Avant Ben Stiller, il y avait Bernard Menez
C'est typiquement le genre de film qui me fait peur, et que je n'aurais jamais pris l'initiative de voir si on ne m'avait pas forcé la main...
J'en frémis toujours d'avance au combo infernal : film français + nouvelle vague + 2h30 + pas de scénario + improvisation.. Je ne dis pas que ça sera automatiquement mauvais, non, mais c'est tout de même une crainte redoutable de m'emmerder. Et surtout j'ai beaucoup de mal à admettre qu'on dépasse les 2h pour un film, alors si c'est pour avoir un argument qui tienne sur un demi post-it, ça peut vite tourner à la séance de torture.
Et là, on en est pas loin.. Pendant les 40 premières minutes..
Le film suit trois gourdes qui décident, le temps d'une semaine de septembre, de partir pour les vacances les
plus nazes de la galaxie : La Vendée où à cette époque de l'année, il n'y a pas un rat, à 100 kilomètres à la ronde, si ce n'est trois paysans de 70 balais.
Bref, ça va être palpitant, et nos trois amies semblent pourtant particulièrement heureuses, même si on n'est jamais très loin de l'aliénation. Elles piaffent, rigolent, gloussent absolument en permanence à tel point qu'en fermant les yeux, on pourrait se croire dans un poulailler.
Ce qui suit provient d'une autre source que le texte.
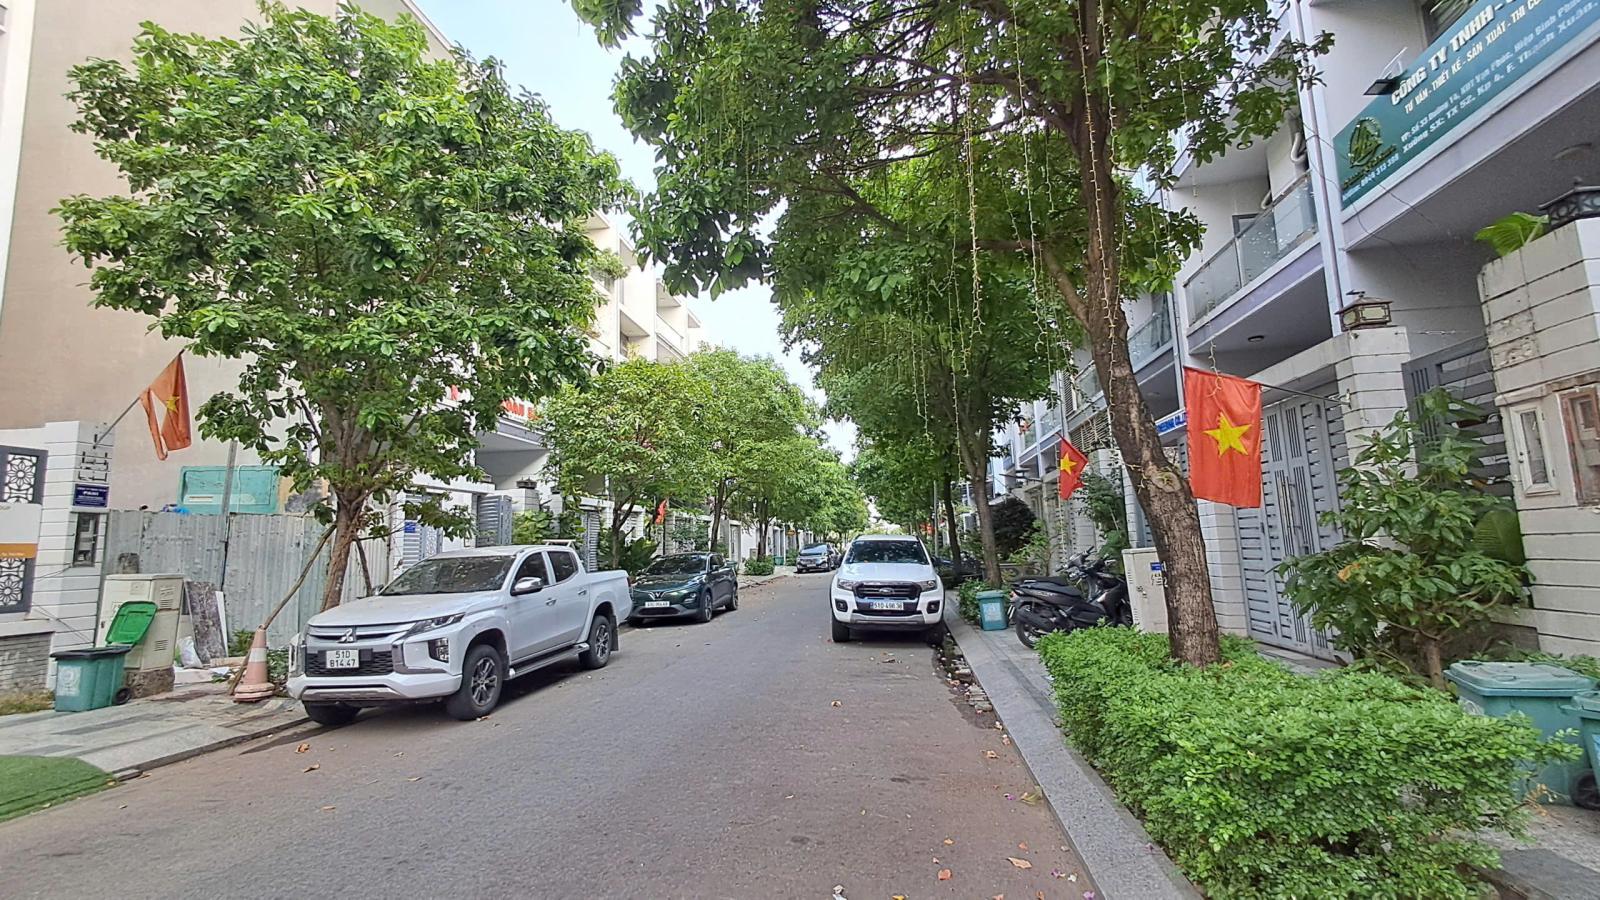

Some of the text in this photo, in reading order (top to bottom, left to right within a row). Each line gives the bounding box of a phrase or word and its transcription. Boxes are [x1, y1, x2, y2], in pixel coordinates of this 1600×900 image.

Elles essayent des sabots trouvés dans un placard, et elles tapent le sol avec, et ça les fait encore plus marrer, elles mangent des gaufres, comble de l'hilarité, et la meilleur vanne ça doit être le moment où avec des voix ignobles de perroquets, elles disent " du côté d'ORRRrrrrrrrrrrrrrrrrrouuuuuuuuette"' (un patelin dans le coin qui ne sert à rien, si ce n'est à les faire rire pour des raisons que j'ignore).
Bref, des envies de meurtre qui ne cessent de croître, et je commence à penser que je vais lourdement regretter cette séance imposée.
Bon, je suis pas misogyne, mais cette longue introduction c'est vraiment mon cauchemar quoi, le "Film pour bonnes femmes", avec toutes ces discussions foncièrement passionnantes, que j'ai naturellement tendance à esquiver, du genre : quid du régime alimentaire ? et si on faisait un peu d'exercice ? Si on allait faire bronzette à la plage ? Blablablablablablabla... L'horreur, et maintenant je songe au suicide (ce qui concrètement se matérialise par la note de 1 pour un film, dans mon barème personnel).
Et puis la libération..
La tempête s'abat sur leur baraque moyenâgeuse, et apporte avec elle un nouvel arrivant inattendu, venu se réfugier, BERNARDO MENEZ!!!!
A l'image de Soumitra Chatterjee dans "Charulata" de Satyajit Ray, qui arrivait dans la maison de Charulata en amenant une tempête terrible dans ses bagages, promesse métaphorique de vrais bouleversements dans un univers statique et ennuyeux, la simple arrivée de Bernardo va tout révolutionner!
(Il faut savoir que Bernard Menez était présent dans le prologue du film, et qu'il était le chef de bureau bien lourd de l'une des trois nanas, et qu'il voulait les coller comme une infâme glu durant leurs vacances, donc sa présence n'est pas un hasard, même s'il essaye de le cacher tant bien que mal).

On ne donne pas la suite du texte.